> _EXERCISE BRIEF_:
Where the entries below show "this 1608×1067 image.", begin there and print that line and all following lines exactly, through the last, omitting pictures.

> _ENTRIES PROVIDED_:
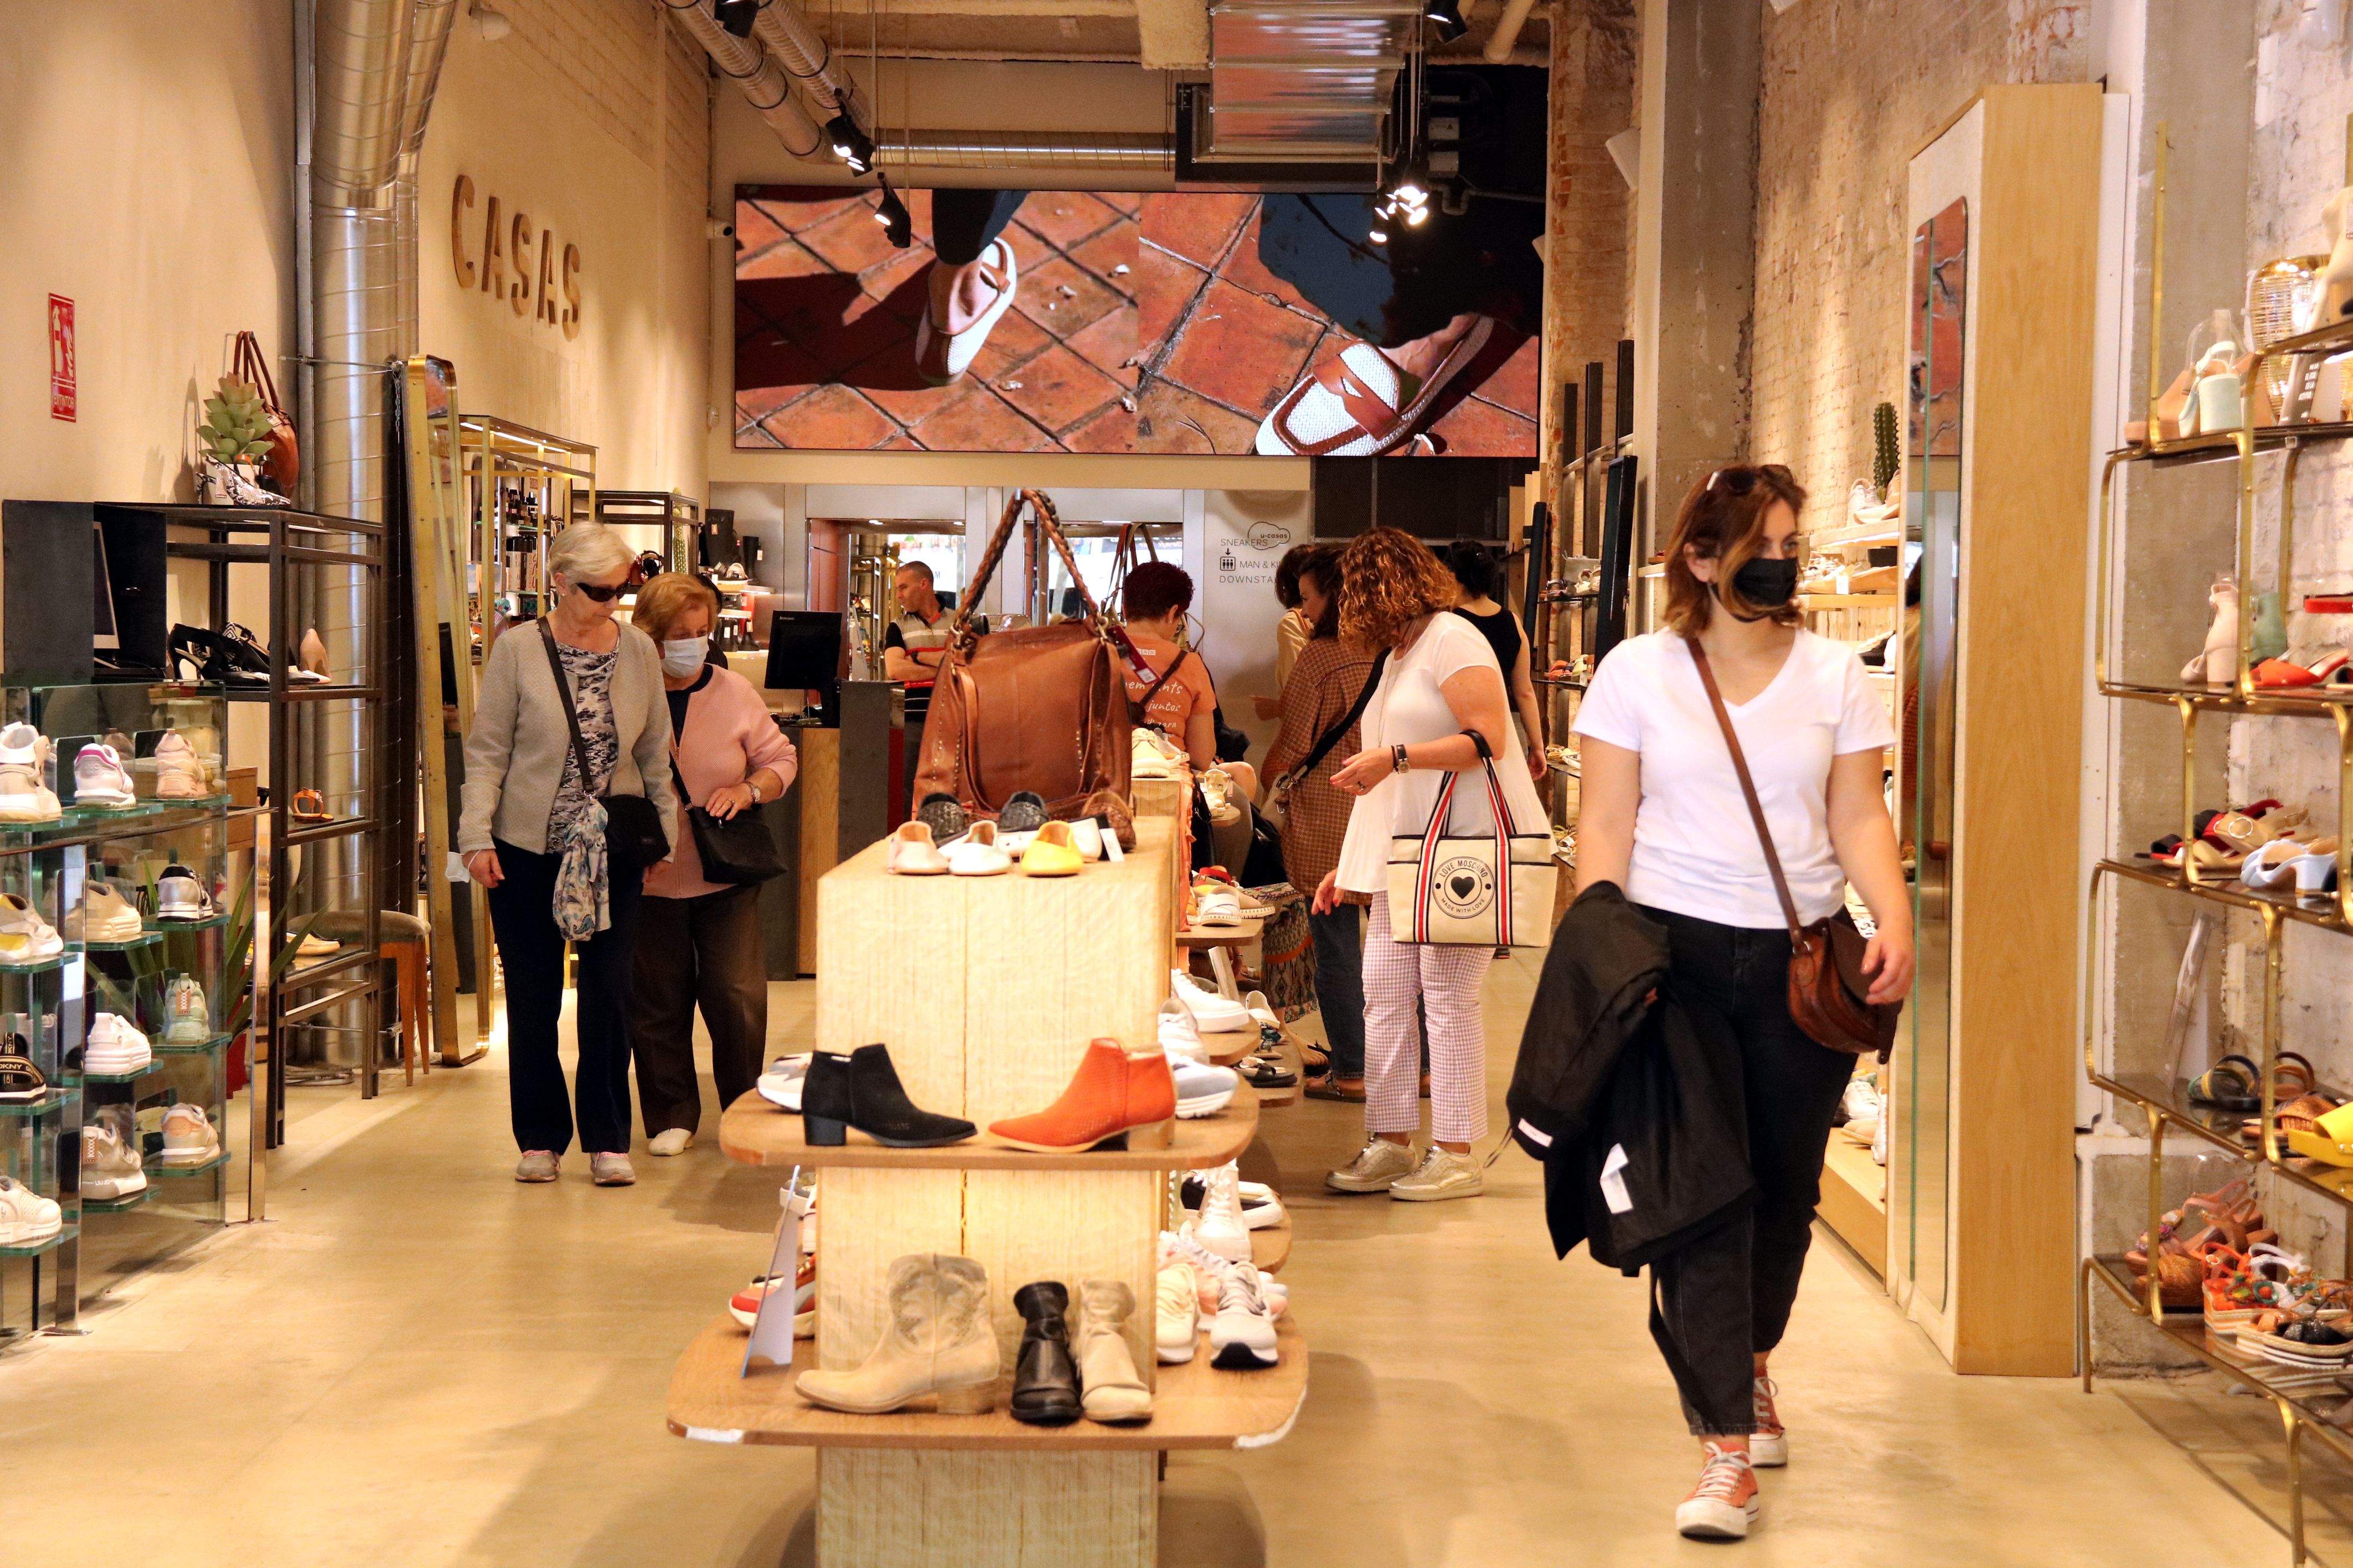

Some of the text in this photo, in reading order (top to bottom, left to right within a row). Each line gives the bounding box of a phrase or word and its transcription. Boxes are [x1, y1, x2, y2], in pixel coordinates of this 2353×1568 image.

[451, 174, 581, 341] CASAS
[1147, 700, 1181, 712] juntos
[1439, 860, 1488, 877] LOVE MOSCHINO
[1441, 898, 1454, 910] MADE
[1472, 898, 1485, 910] LOVE
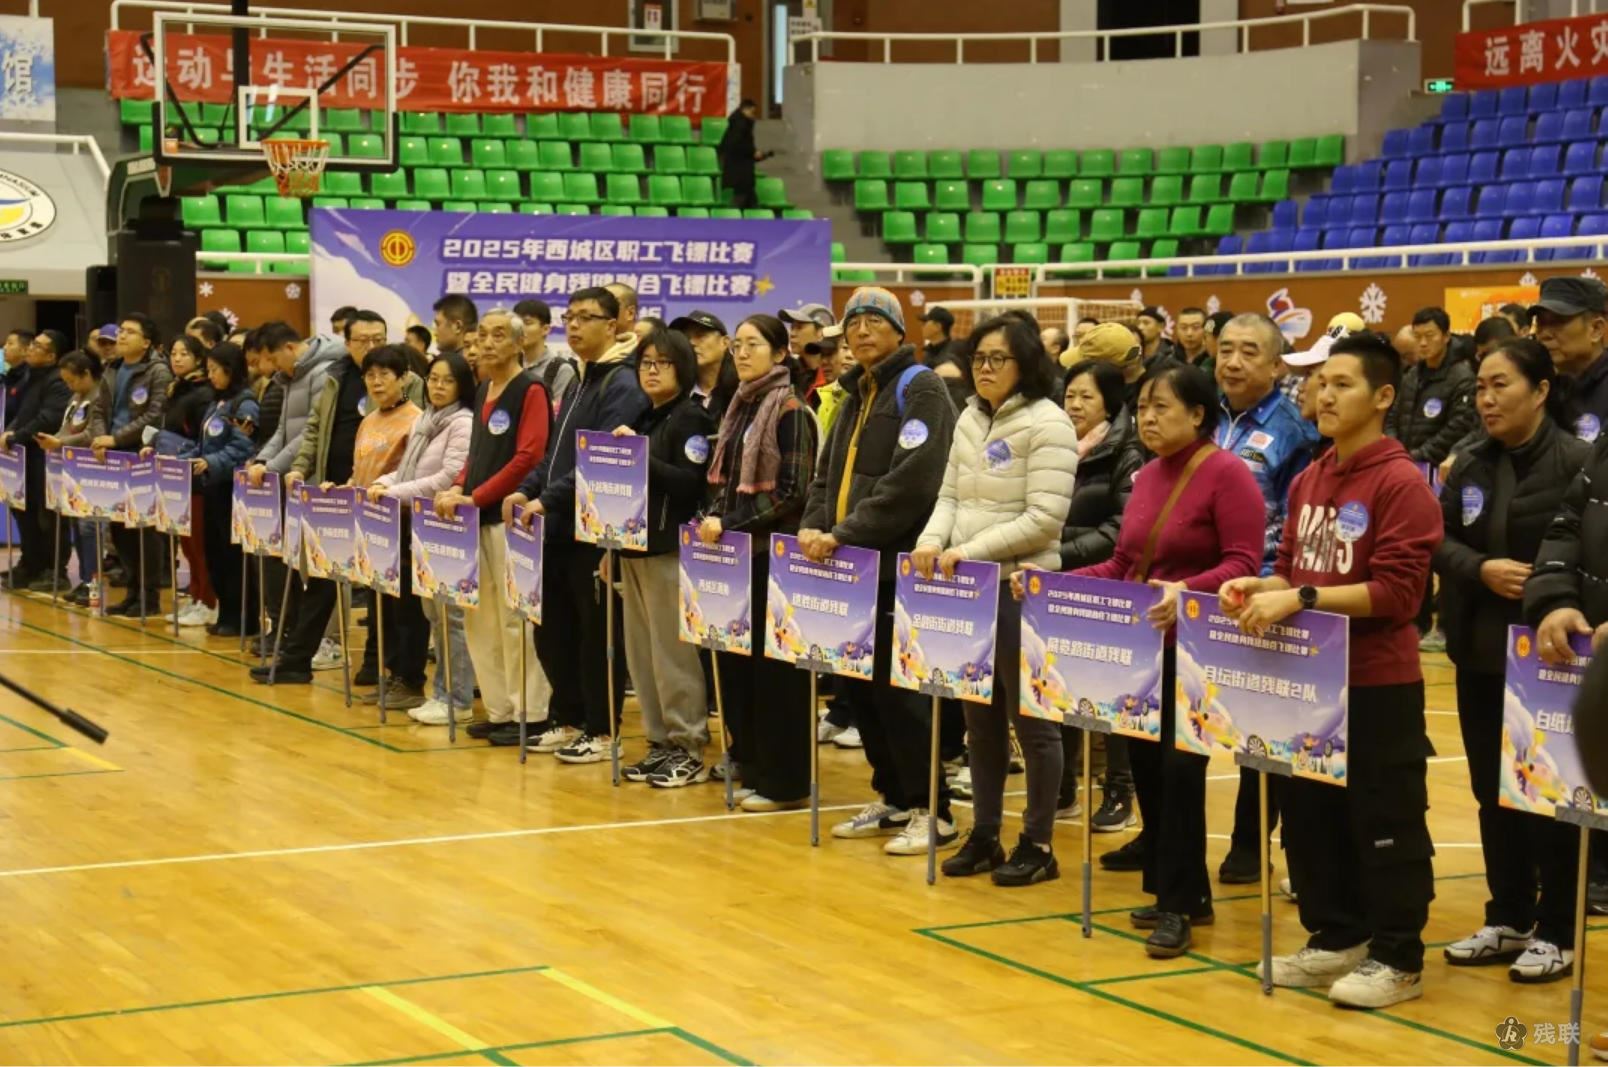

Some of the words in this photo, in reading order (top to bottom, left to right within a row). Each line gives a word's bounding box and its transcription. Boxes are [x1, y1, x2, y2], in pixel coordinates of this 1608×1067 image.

[448, 61, 706, 113] 你我和健康同行
[443, 238, 755, 264] 2025年西城区职工飞镖比赛
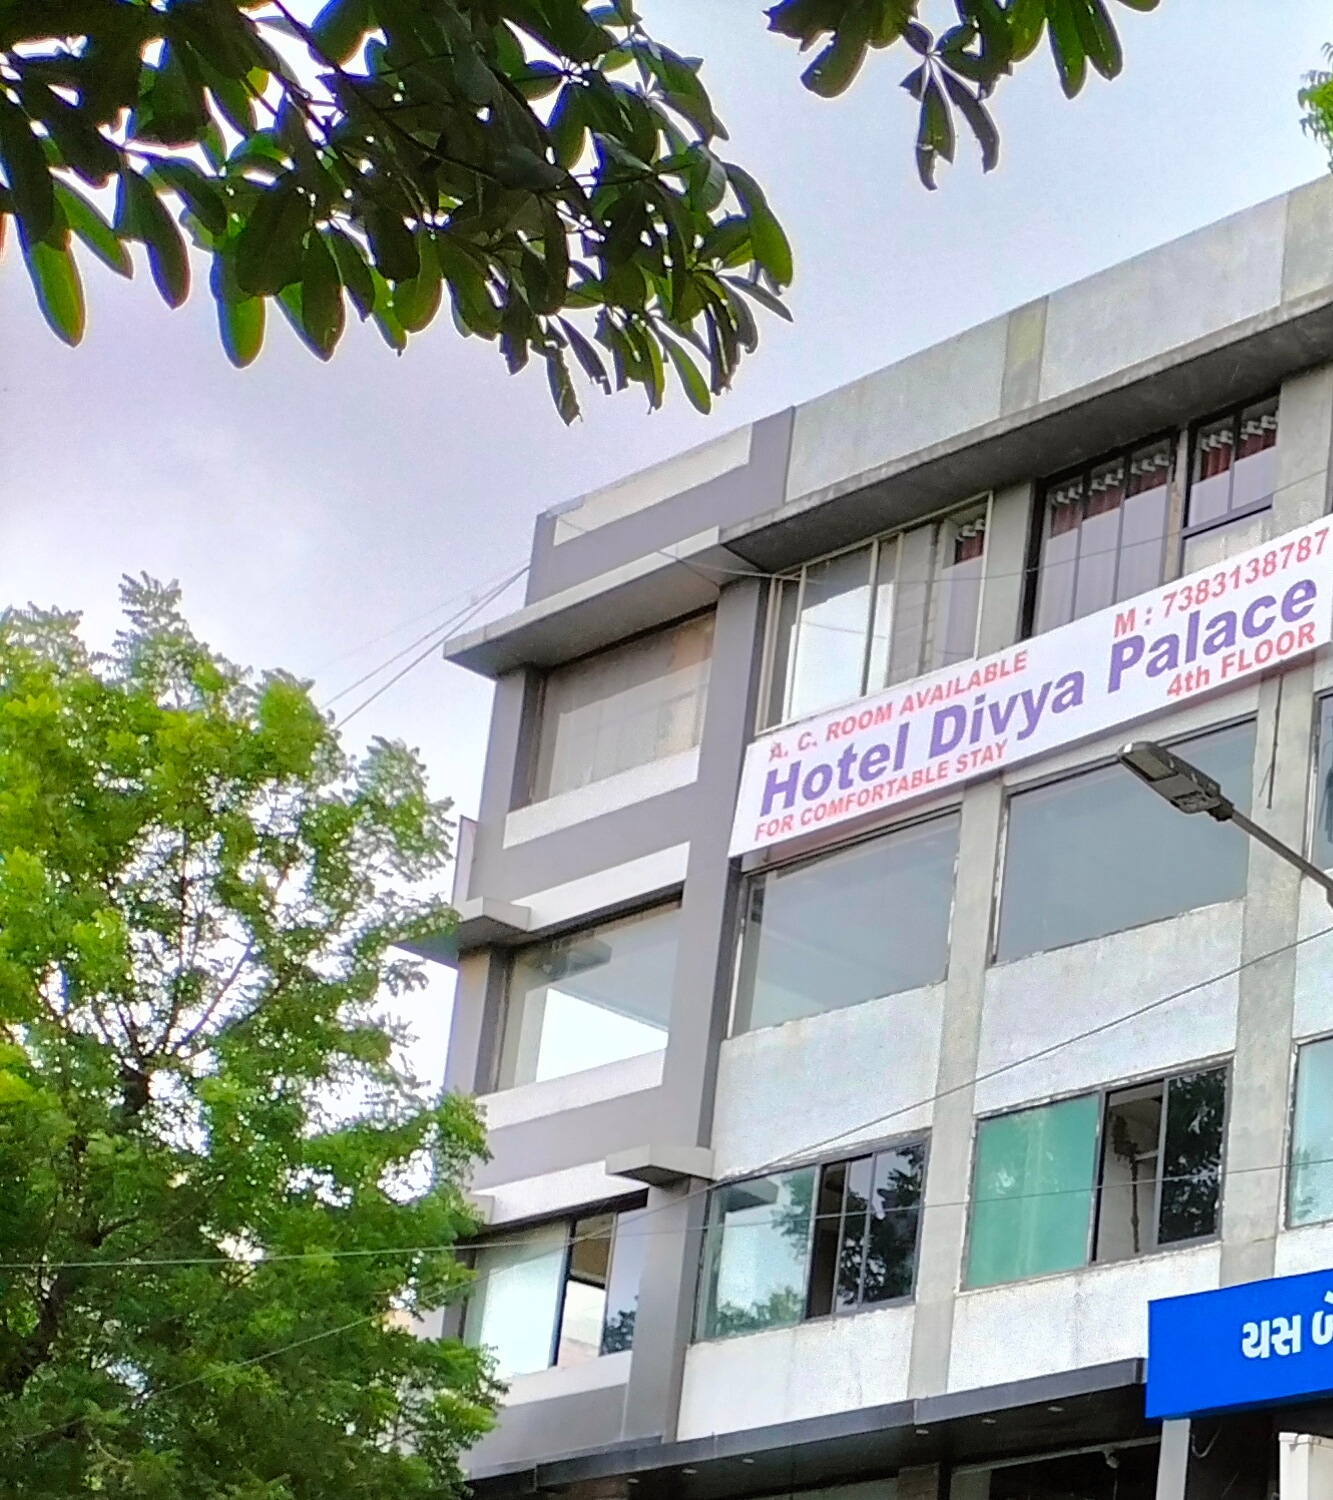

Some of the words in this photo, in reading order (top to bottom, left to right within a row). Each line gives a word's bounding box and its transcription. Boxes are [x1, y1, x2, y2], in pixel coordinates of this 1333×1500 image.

> _FINISHED TASK_:
Some of the words in this photo, in reading order (top to bottom, left to right within a row). Each line gives a word's bounding box and its transcription. Boxes are [x1, y1, x2, y2], in pixel coordinates of this 1608×1067 image.

[448, 61, 706, 113] 你我和健康同行
[443, 238, 755, 264] 2025年西城区职工飞镖比赛

Some of the words in this photo, in reading order (top to bottom, left to right within a row). Each line gives a word's bounding box and its transcription. Boxes are [x1, y1, x2, y2], in pixel coordinates of this 1333×1500 image.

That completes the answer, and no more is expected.